Sus ojos se humedecían
mientras depositaba cuidadosamente las gardenias sobre la sepultura, todo en
sí, acrecentaba el temperamento melancólico de Benigna. Era un ser cansado,
esclavo de la desesperación y el arrepentimiento que le atormentaba la
conciencia. Y como si de una letanía se tratara, inició su peculiar
conversación en voz baja.
No
sabes cómo he deseado poder recuperar el tiempo, enmendar mis decisiones,
reparar el dolor que te causé. La angustia que siento no me deja vivir, las noches se hacen eternas, el sentimiento de
culpabilidad llena mi cabeza, hasta el punto que parece reventar, cuando en
algún momento ya cansada he cerrado los ojos, he pedido miles de veces no
despertar jamás y expiar mis culpas eternamente.
Si
hubiera sabido reaccionar aquel día que, ilusionado, traías de la escuela un
dibujo para “mami y papi,” y en él te retratabas igual que mamá, yo confusa te
dije, pero tú eres como papá, tenías solo cinco añitos, y contestaste decidido,
“no mamá yo quiero ser como tú.”
Lo
oculté y como creyente busqué respuesta en mi convicción religiosa, en la
palabra de dios y acudí a la iglesia. Lo hice en confesión y aún recuerdo las
palabras recias, en un tono casi enojado del confesor ante mis dudas, que él
atribuyó a la falta de fe.
“La
iglesia respeta la naturaleza del ser humano como hombre o mujer, y pide que se
respete este orden, hay que tener fe en el creador y en su palabra. Lo
contrario es el desprecio a la obra de dios.”
“Nadie puede violar la
integridad física de una persona, con la excusa de tratar un mal de origen
psíquico o espiritual. Cualquier manipulación es una alteración de la integridad
física de la persona. Y no es lícito ni moral sacrificar al todo, mutilándolo,
modificándolo o extirpándole una parte.”
Quedé
de tal manera afectada, que siempre
busqué la respuesta que aliviara mi conciencia. Por eso busqué la opinión de
Auxiliadora, psicóloga y amiga de la familia, le insistí si tu conducta podía
ser un comportamiento pasajero, que con el tiempo pasaría. Ella me explicó que
no era lo mismo tener un comportamiento sexual o sentir una identidad
transexual, y me quedé con una frase que pronunció: “Evidentemente, dijo, cualquier
comportamiento sexual en la infancia es posible y no es indicador definitivo de
ninguna conducta futura.” Era lo que quería escuchar, para enfrentar a tu estado
emocional, ignorar tu realidad cuando te dibujabas y escribías tu nombre en
femenino o aprovechabas la soledad de tu cuarto para vestirte y observarte tal
como te sentías.
No
quise ver como se acrecentaba en ti ese comportamiento. De haberlo hecho, de
haber sido más sensible a tus sentimientos, no hubiera tenido lugar lo que
ocurrió aquella noche. Hace ahora veintidós años, tú contabas entonces veinte.

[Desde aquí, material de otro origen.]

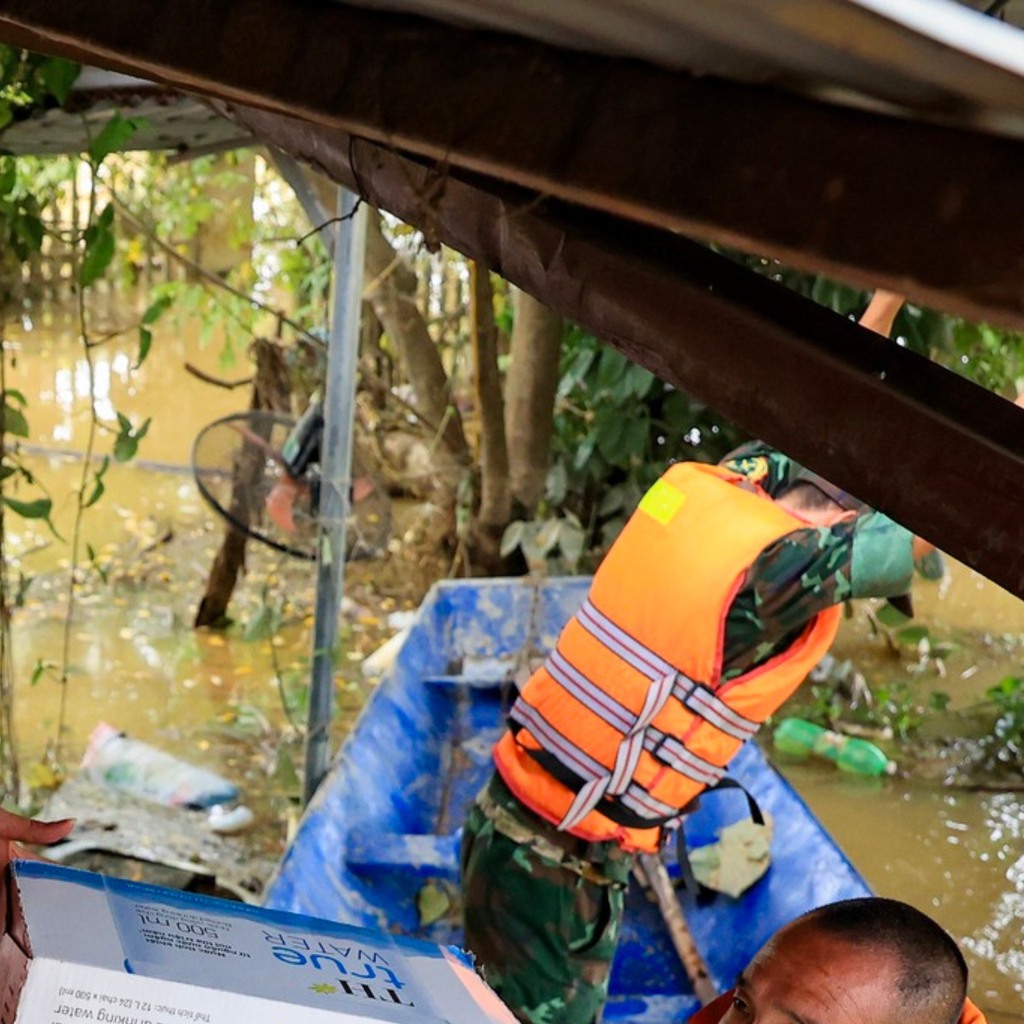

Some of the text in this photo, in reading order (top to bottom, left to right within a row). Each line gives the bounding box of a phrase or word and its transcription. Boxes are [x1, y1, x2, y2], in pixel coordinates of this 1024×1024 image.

[137, 913, 170, 927] ml
[175, 921, 219, 939] 500
[262, 931, 390, 966] WATER
[272, 946, 405, 990] true
[75, 989, 91, 1001] 500
[99, 995, 118, 1007] chai
[335, 978, 414, 1007] TH
[54, 1004, 94, 1021] water
[141, 1002, 152, 1012] 12

Como en otras ocasiones te arreglaste para salir, yo te lo recriminé como tanta
otras veces. Tú dijiste solamente ¡Mamá!
Cuando benigna la volvió
a ver, estaba tumbada sobre la acera a la puerta de aquel club, parecía un
juguete débil, una muñeca rota, cuyas emociones siempre estuvieron maniatadas y
reprimidas. Se sintió terriblemente desdichada, que perdía la vida y se estremeció
de frio y de miedo a sus remordimientos.
Aquella noche, el fatal
destino quiso que a la salida del club, Ricardo, un compañero de trabajo, de
ideología ultra (nazi) le reconociera y dirigiéndose a sus acompañantes grito ¡eh mirad! ¡Pero si es Ángel! ¿O tenemos
que llamarte Angelita? ¡Ja, Ja, Ja! Rieron todos. Sin mediar más la
emprendieron a golpes, patadas, puñetazos, palos e insultos ¡Maricón de mierda! ¡Pervertido! Te vamos a
partir la cabeza. Ciegos de odio homófobo, se emplearon con tal e inusitada
violencia, que acabaron con su vida.
Benigna volvió a sucumbir
en su intento de cerrar el ciclo, entró una vez más en pensamientos circulares,
para terminar como siempre en una negra nube, hundida en su infierno anímico.